Related to this is of course cuts to mental health services. With funding for mental health hospitals reduced by £105 million by 2017 as compared to 2012, the BMA community care committee chair Gary Wannan accused the government of “chronic underfunding of mental health services [that] has left some of the most vulnerable people in society without the care and support that they desperately need.”
The passing of Seni’s Law is a step forward in reducing the physical violence with which mental health patients in times of crisis are met by police officers and hospital staff. It is a further step toward accountability for the use of dangerous and sometimes fatal physical restraint.
More is needed. While there are undoubtedly situations in which police officers are needed in hospitals for the safety of staff and patients, currently the close relationship between policing, enforcement and healthcare provision is putting patients at risk. We must have a health system, and in particular well-funded mental health services, that are separated from enforcement. No one should end up in a police cell while going through a mental health crisis. When an ambulance is called for someone going through a crisis, the police should not be first respondents.
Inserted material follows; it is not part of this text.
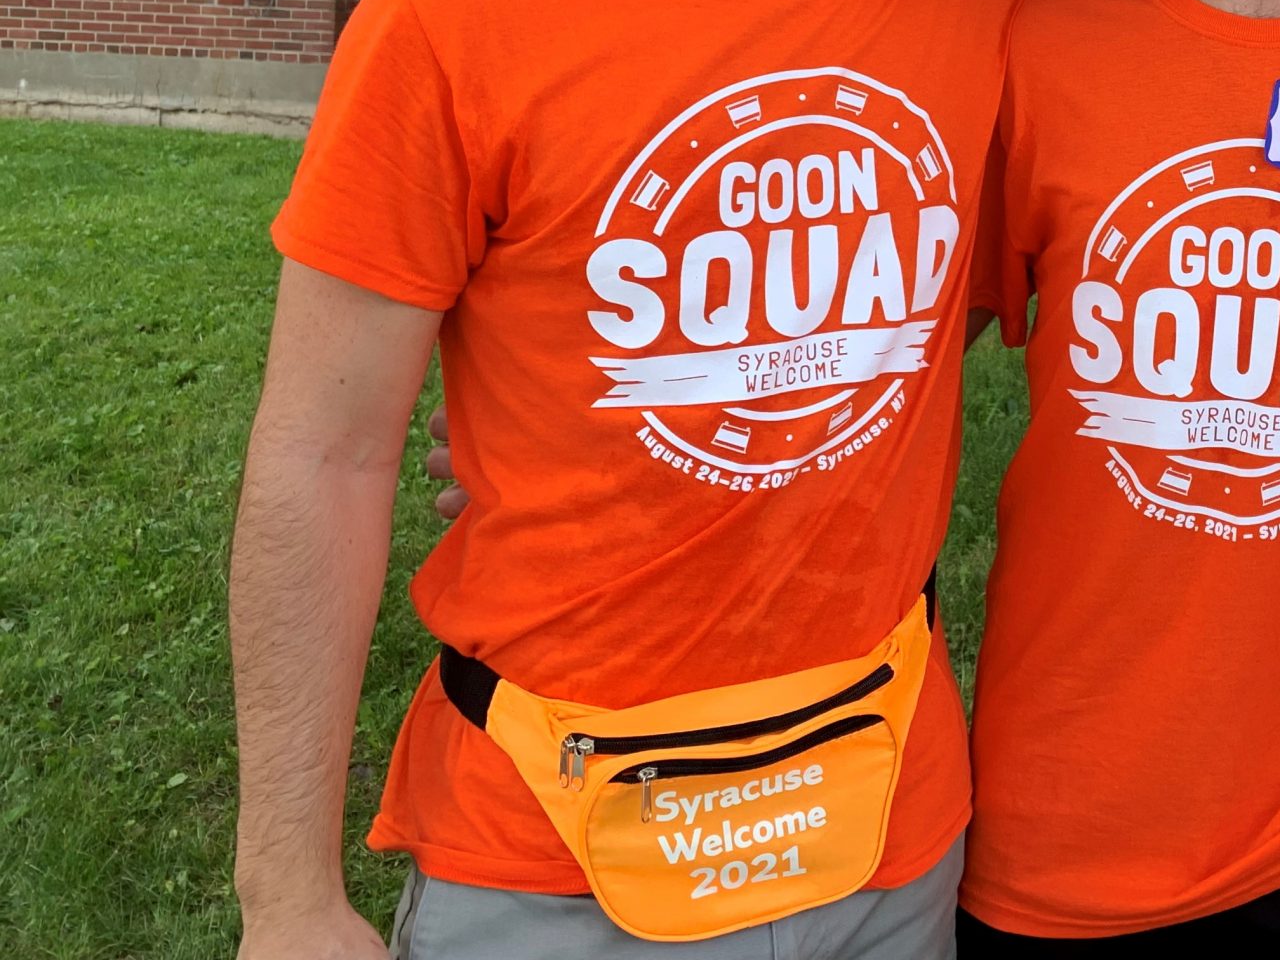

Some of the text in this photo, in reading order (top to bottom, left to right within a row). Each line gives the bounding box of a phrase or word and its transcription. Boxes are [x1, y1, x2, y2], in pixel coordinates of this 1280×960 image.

Given the figures of those with several mental health problems serving prison sentences, and the racial disproportionality in terms of responses to mental health crisis calls, at Medact we believe that the government should be investing in restorative and supportive approaches to mental health. Our current approach to mental health is one that is more likely to lead to a person to come into contact with the criminal justice system than with mental health services. We urgently need to break this punitive cycle.
Health services and politicians must begin to reformulate our ideas - and policies - around public health and security. Is a society in which our prisons are full of people with mental health problems and addiction problems a healthy society? The Health Impacts (Public Sector Duty) Bill 2017-19 - spearheaded by the former Shadow Secretary for Mental Health, Luciana Berger MP - advocates for a holistic understanding of the socio-economic determinants of health, and thus proposes a shift in how we understand ‘health policy’.
Berger’s bill seek to centre public health in all policies, such as immigration, housing, welfare, town planning and policing. If this government is truly concerned with addressing rising levels of mental ill-health, this Bill should be discussed in depth in Parliament and made into law. It could be the starting point of redefining the values and priorities that guide the provision of public services in England - with a well-known success of this kind of ‘public health approach’ evident in Glasgow, where knife crime was significantly reduced using a holistic and rehabilitative rather than punitive model.
For health professionals who see patients daily who face structural racism, who are in debt and living in precarious housing situations - who seek to do more to address these socio-economic issues that impact health - I would encourage them to get involved with Medact. And it is important that health professionals show solidarity with those who are met with force instead of care by police, prison or immigration officers, by supporting the family campaigns seeking justice and accountability. Health professionals should be attending the United Families and Friends Campaign annual vigil and march for those who have lost their lives in police, prison and psychiatric custody - held on the last Saturday of each October.